U.S. Supreme Court to Consider Fourth Amendment Issue with Iowa Implications

by Ryan Koopmans | October 2, 2013

By Ryan Koopmans

In June, a bare majority of the Iowa Supreme Court ruled in State v. Kooima that a police officer may not stop a vehicle based solely on an anonymous tip that the driver is drunk.  According to Justices Wiggins, Hecht, Appel, and Zager, that violates the Fourth Amendment of the United States Constitution.  That decision is consistent with a ruling from the Virginia Supreme Court, but it also conflicts with decisions from several other courts, including the Eighth Circuit (which includes Iowa).

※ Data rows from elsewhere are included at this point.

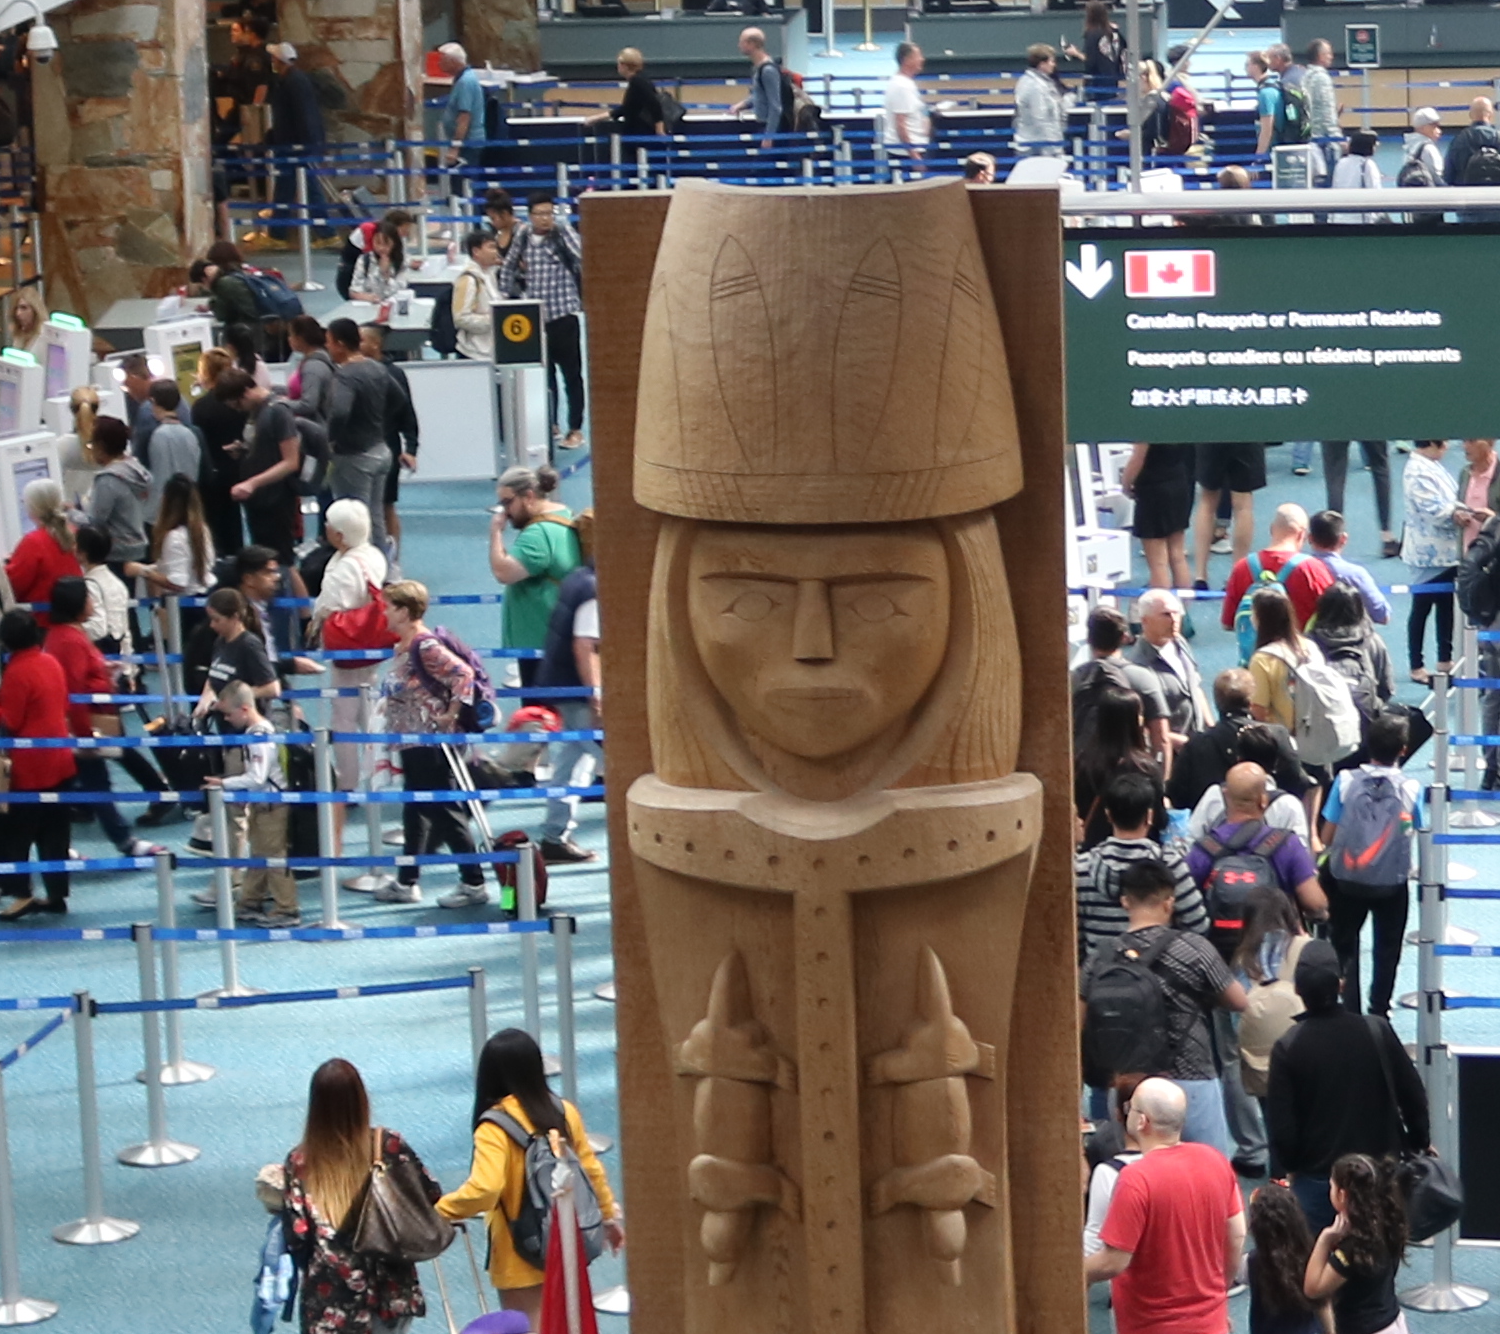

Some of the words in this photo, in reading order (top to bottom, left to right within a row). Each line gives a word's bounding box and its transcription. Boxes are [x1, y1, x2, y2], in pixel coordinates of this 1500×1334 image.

[510, 320, 522, 335] 6
[1126, 313, 1195, 329] Canadian
[1197, 313, 1267, 331] Passports
[1269, 316, 1286, 327] or
[1288, 312, 1368, 327] Permanent
[1370, 310, 1441, 326] Residents
[1127, 350, 1206, 367] Passeports
[1207, 349, 1281, 365] canadiens
[1283, 351, 1303, 364] ou
[1305, 347, 1372, 364] résidents
[1374, 348, 1462, 366] permanents

Before the oral argument in Kooima, I suggested that the Supreme Court may take up this issue soon, and that the Iowa case might be the vehicle to do it.  I was half right.  Last week, Attorney General Tom Miller asked the Supreme Court to reverse the Iowa Supreme Court, but yesterday (likely before the justices even saw the Iowa petition), the Supreme Court granted cert. on this question from a California case: “Does the Fourth Amendment require an officer who receives an anonymous tip regarding a drunken or reckless driver to corroborate dangerous driving before stopping the vehicle?”

So the Supreme Court will hear the issue–just not through Kooima.  But the justices will likely hold the Kooima petition until they rule on the California case (Navarette v. California), and if they decide in California’s favor, then Kooima may be returning to the Iowa Supreme Court.